- [Work order]: A faithful copy of every entry, with the pictures removed, is what is needed here.

- [Excerpted records]:
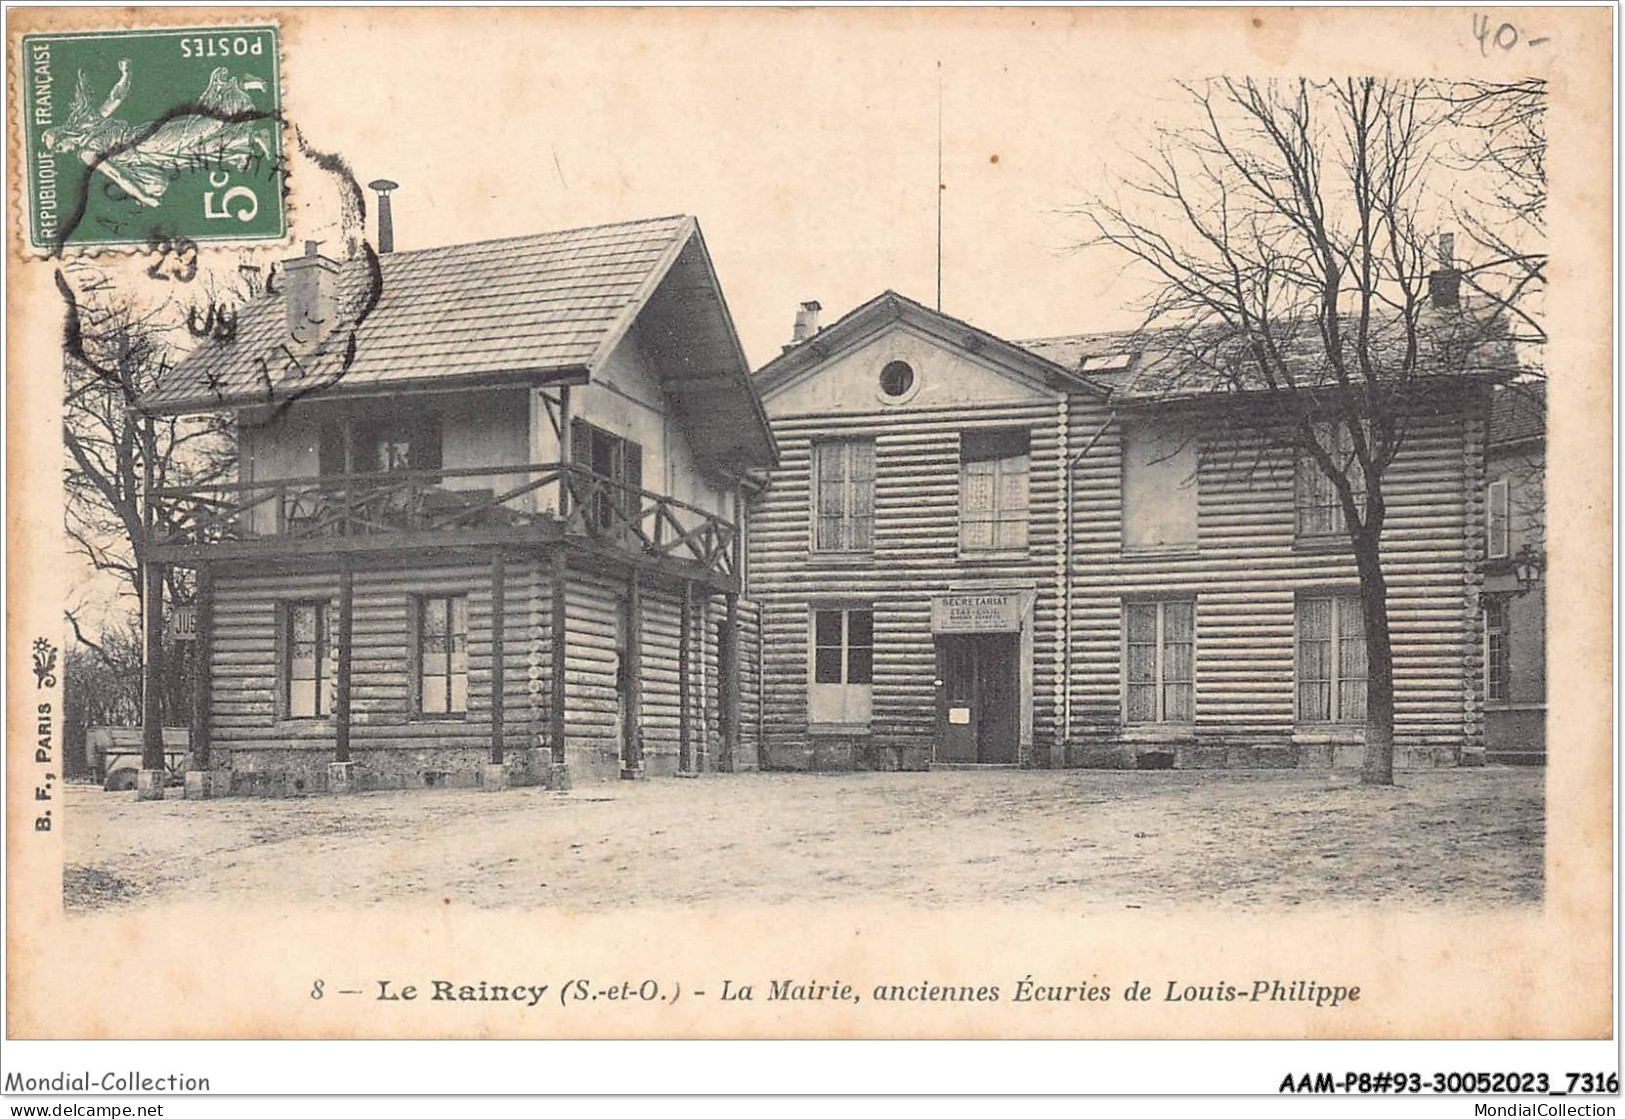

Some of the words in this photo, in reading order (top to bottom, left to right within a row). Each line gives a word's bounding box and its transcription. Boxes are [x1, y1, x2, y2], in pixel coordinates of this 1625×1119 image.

[180, 36, 263, 58] POSTES
[34, 43, 52, 126] FRANÇAISE
[942, 597, 1007, 606] SECRETARIAT
[35, 702, 53, 764] PARIS
[35, 810, 52, 832] B.
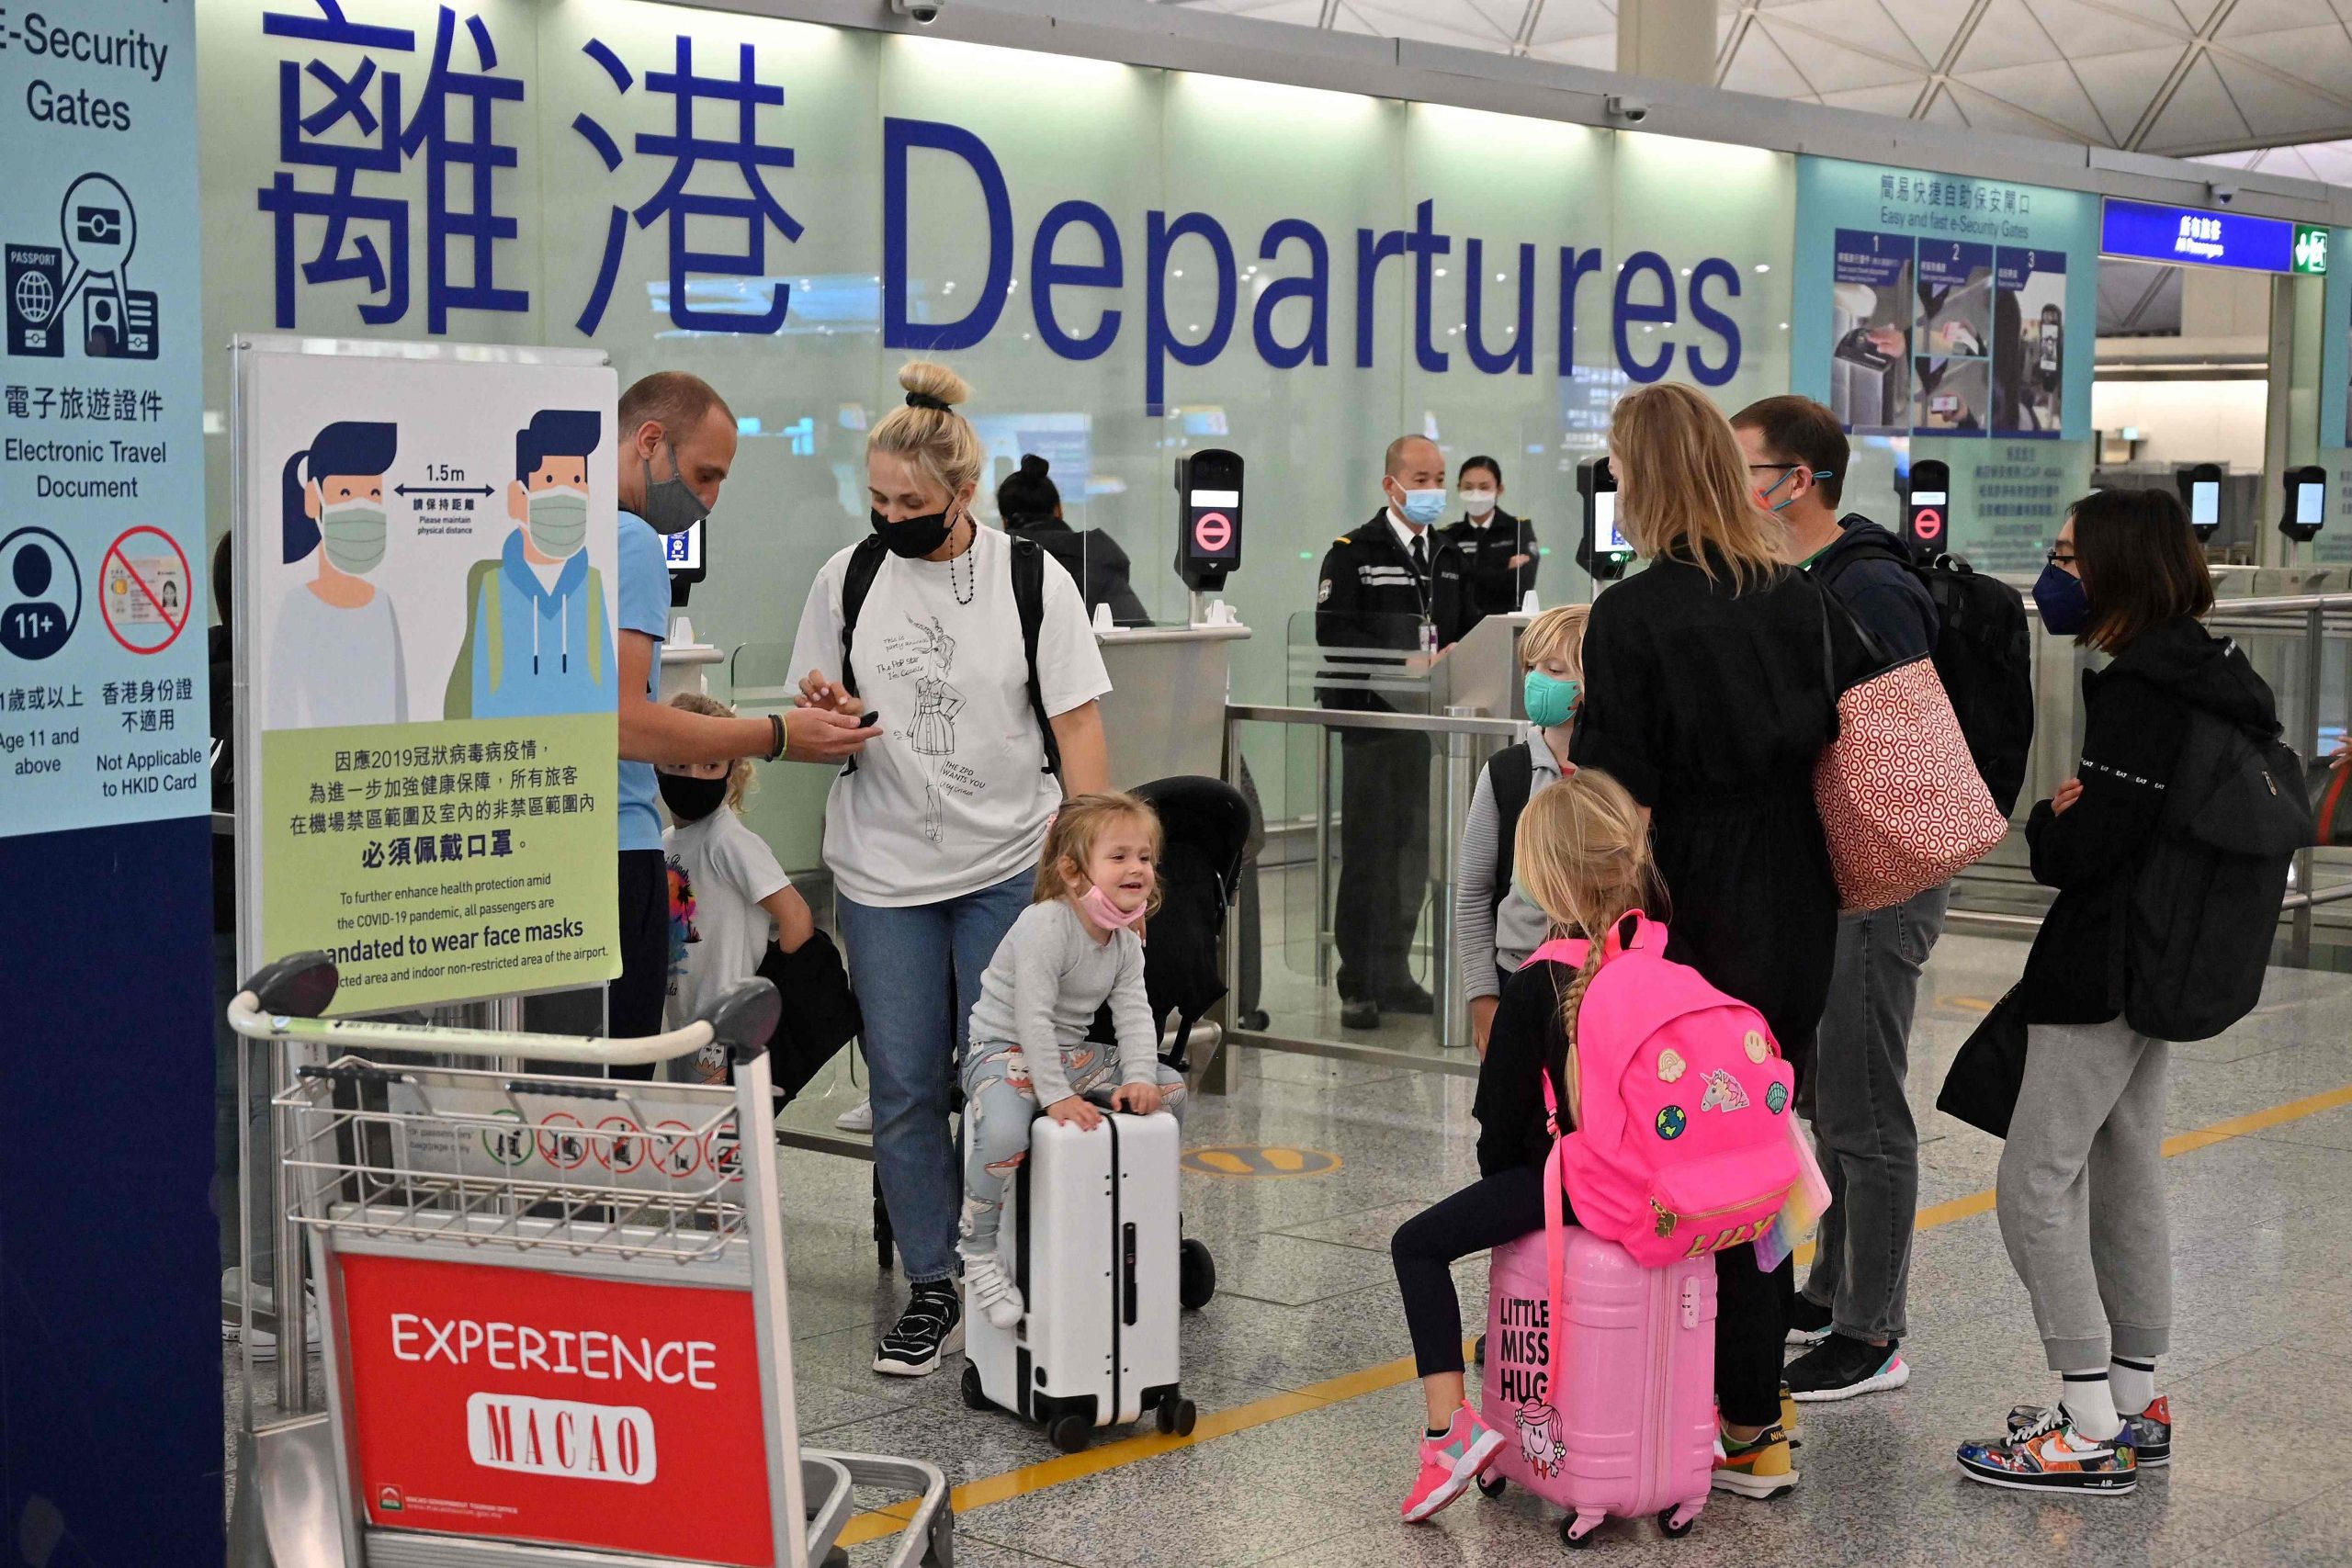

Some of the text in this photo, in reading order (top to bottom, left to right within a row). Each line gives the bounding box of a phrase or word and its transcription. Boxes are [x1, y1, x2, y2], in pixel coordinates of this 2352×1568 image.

[0, 8, 168, 82] -Security
[27, 79, 131, 131] Gates
[257, 0, 805, 337] 離港
[1881, 206, 2030, 240] Easy and fast e-Security Gates
[1872, 234, 1880, 253] 1
[1951, 243, 1961, 261] 2
[10, 251, 55, 266] PASSPORT
[883, 116, 1742, 417] Departures
[2027, 251, 2036, 268] 3
[5, 385, 164, 423] 電子旅遊證件
[5, 438, 167, 464] Electronic Travel
[426, 464, 465, 481] 1.5m
[37, 476, 139, 498] Document
[413, 498, 475, 511] 請保持距離
[417, 527, 445, 536] physical
[15, 613, 54, 639] 11+
[102, 678, 194, 707] 香港身份證
[121, 709, 175, 735] 不適用
[29, 729, 45, 747] 11
[51, 727, 79, 745] and
[15, 757, 62, 775] above
[96, 748, 202, 773] Not Applicable
[945, 761, 960, 772] THE
[103, 773, 198, 797] to HKID Card
[943, 768, 968, 784] WANTS
[968, 778, 986, 789] YOU
[341, 873, 552, 905] To further enhance health protection amid
[337, 898, 555, 930] the COVID-19 pandemic, all passengers are
[317, 918, 584, 964] andated to wear face masks
[365, 974, 388, 986] area
[390, 969, 410, 982] and
[413, 965, 446, 979] indoor
[447, 953, 518, 976] non-restricted
[521, 955, 542, 967] area
[544, 953, 555, 964] of
[556, 950, 571, 962] the
[573, 944, 609, 962] airport.
[1682, 1212, 1778, 1258] LILY
[1499, 1297, 1550, 1328] LITTLE
[390, 1314, 717, 1390] EXPERIENCE
[1500, 1329, 1550, 1367] MISS
[1499, 1368, 1549, 1406] HUG
[484, 1403, 641, 1476] MACAO
[2100, 1479, 2113, 1487] AIR

- [Task response]:
Some of the words in this photo, in reading order (top to bottom, left to right within a row). Each line gives a word's bounding box and its transcription. Boxes are [x1, y1, x2, y2], in pixel coordinates of this 1625×1119 image.

[180, 36, 263, 58] POSTES
[34, 43, 52, 126] FRANÇAISE
[942, 597, 1007, 606] SECRETARIAT
[35, 702, 53, 764] PARIS
[35, 810, 52, 832] B.

Some of the text in this photo, in reading order (top to bottom, left to right within a row). Each line gives the bounding box of a phrase or word and its transcription. Boxes are [x1, y1, x2, y2], in pixel coordinates of this 2352×1568 image.

[0, 8, 168, 82] -Security
[27, 79, 131, 131] Gates
[257, 0, 805, 337] 離港
[1881, 206, 2030, 240] Easy and fast e-Security Gates
[1872, 234, 1880, 253] 1
[1951, 243, 1961, 261] 2
[10, 251, 55, 266] PASSPORT
[883, 116, 1742, 417] Departures
[2027, 251, 2036, 268] 3
[5, 385, 164, 423] 電子旅遊證件
[5, 438, 167, 464] Electronic Travel
[426, 464, 465, 481] 1.5m
[37, 476, 139, 498] Document
[413, 498, 475, 511] 請保持距離
[417, 527, 445, 536] physical
[15, 613, 54, 639] 11+
[102, 678, 194, 707] 香港身份證
[121, 709, 175, 735] 不適用
[29, 729, 45, 747] 11
[51, 727, 79, 745] and
[15, 757, 62, 775] above
[96, 748, 202, 773] Not Applicable
[945, 761, 960, 772] THE
[103, 773, 198, 797] to HKID Card
[943, 768, 968, 784] WANTS
[968, 778, 986, 789] YOU
[341, 873, 552, 905] To further enhance health protection amid
[337, 898, 555, 930] the COVID-19 pandemic, all passengers are
[317, 918, 584, 964] andated to wear face masks
[365, 974, 388, 986] area
[390, 969, 410, 982] and
[413, 965, 446, 979] indoor
[447, 953, 518, 976] non-restricted
[521, 955, 542, 967] area
[544, 953, 555, 964] of
[556, 950, 571, 962] the
[573, 944, 609, 962] airport.
[1682, 1212, 1778, 1258] LILY
[1499, 1297, 1550, 1328] LITTLE
[390, 1314, 717, 1390] EXPERIENCE
[1500, 1329, 1550, 1367] MISS
[1499, 1368, 1549, 1406] HUG
[484, 1403, 641, 1476] MACAO
[2100, 1479, 2113, 1487] AIR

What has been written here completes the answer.